Last updated: March 22 2016

2016 Budget Overview: Additional Tax Measures

Review additional tax measures announced by the Government in the 2016 Federal Budget.

Top Marginal Income Tax Rate – Consequential Amendments

The following provisions will reflect the 33% top marginal tax rates

  • Charitable donations tax credit for donations made after 2015 (individuals and trusts to the extent that their income is taxed at 33%)
  • Excess employee profit sharing plan contributions
  • Personal services business income earned by corporations
  • Other changes include capital gains refund mechanism for mutual fund trusts
   

GST Relief – Insulin Pens and pen needles will be added to the list of zero-rated drugs as of Budget Day.  Also intermittent urinary catheters have made the list if supplied on a written order of a medical doctor, registered nurse, occupational therapist or physiotherapist.

Purely Cosmetic Procedures provided by all suppliers including registered charities will continue to be subject to GST/HST.  However reconstruction due to congenital abnormalities or personal injuries resulting from an accident or trauma or a disfiguring disease continue to be exempt.  Exempt also are cosmetic procedures paid for by a provincial health insurance plan.

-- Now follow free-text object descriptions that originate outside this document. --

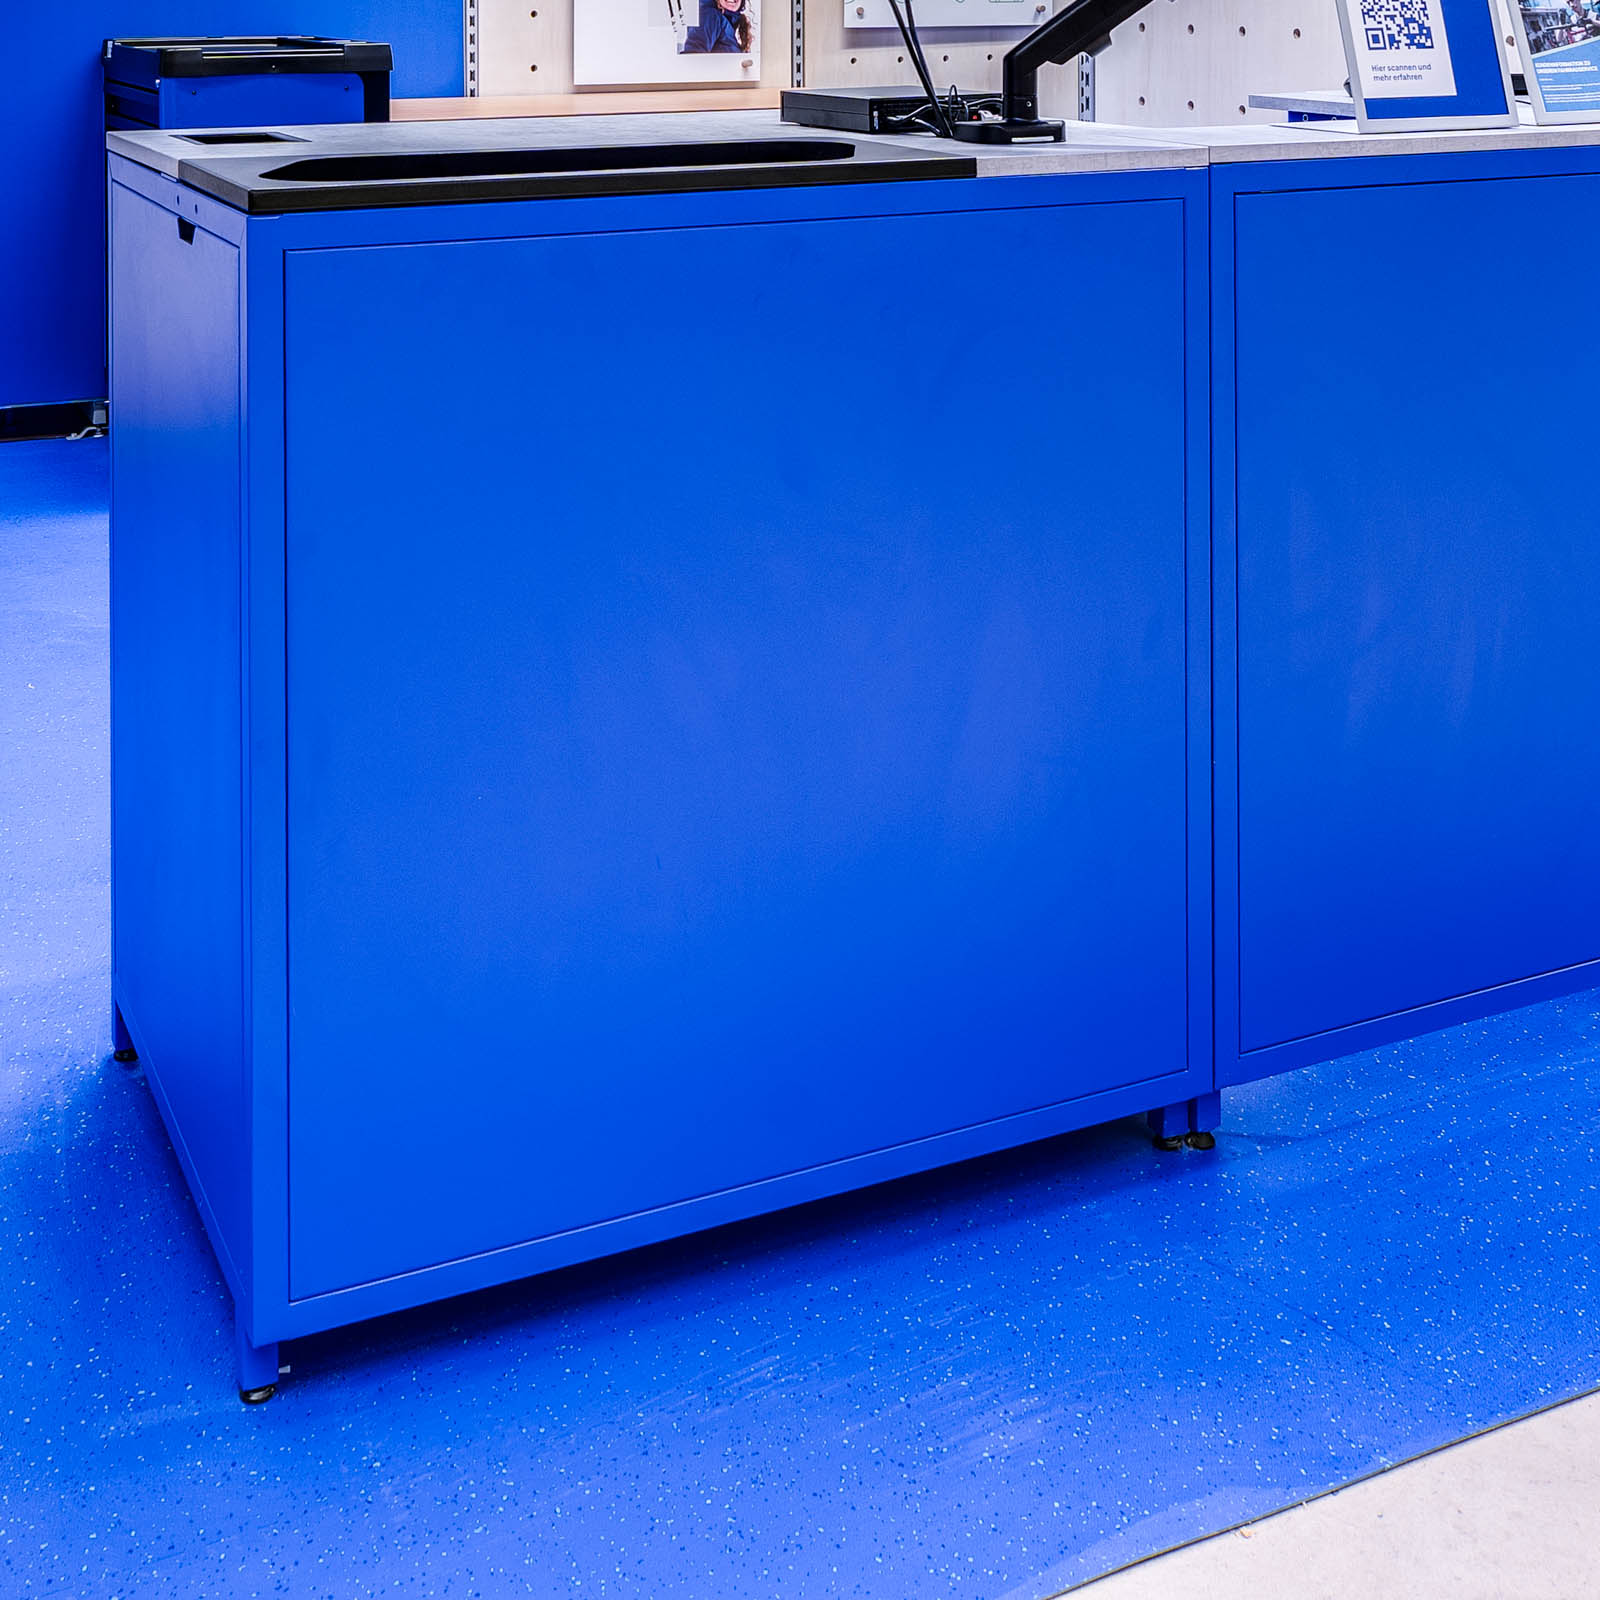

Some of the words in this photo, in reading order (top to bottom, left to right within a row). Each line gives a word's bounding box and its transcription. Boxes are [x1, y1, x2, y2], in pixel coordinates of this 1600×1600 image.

[1371, 64, 1386, 72] Hier
[1387, 64, 1417, 72] scannen
[1418, 63, 1432, 71] und
[1373, 73, 1392, 81] mehr
[1393, 73, 1423, 81] erfahren
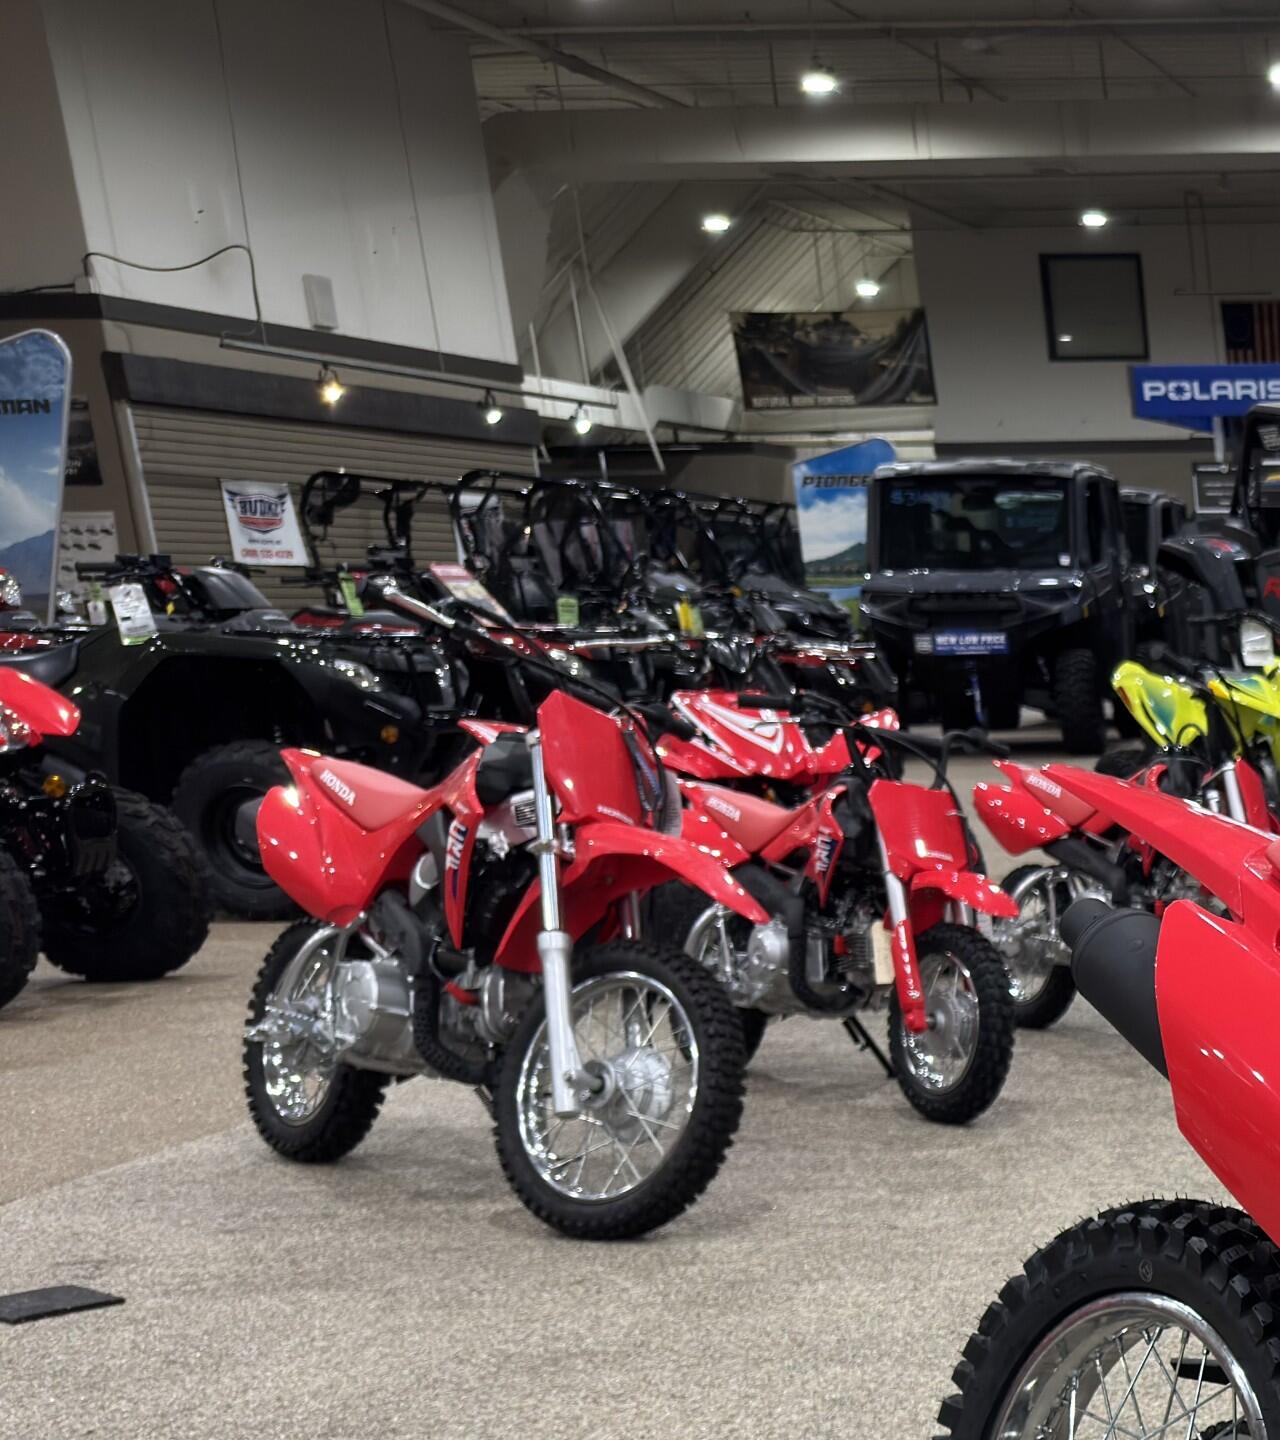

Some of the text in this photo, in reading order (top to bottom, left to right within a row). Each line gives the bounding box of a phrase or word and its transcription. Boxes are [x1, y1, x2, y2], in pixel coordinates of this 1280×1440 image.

Grand-parented Housing Sales.  Where a province either joined the HST system since 2010 or increased its HST rate, sales of some newly constructed or substantially renovated homes were grand-parented for HST purposes, meaning they were exempted from the new tax.  Reporting rules for builders will now be simplified by limiting reporting requirements to sales equal to or greater than $450,000 and by providing an opportunity to correct past reporting errors and omissions with an election to report all past grand-parented sales in this value zone.  This will apply for supplies payable on or after July 1, 2010.  The election must be made between May 1, 2016 and December 31, 2016.

GST and Charities.  Where property or services are supplied in exchange for recognition of a donation to charity there are split receipting rules.  The charity may issue a donation receipt for the amount paid by the donor less the value of property or services the donor receives.  In this case, GST/HST will apply only to the property or services supplied, unless the goods are already exempt.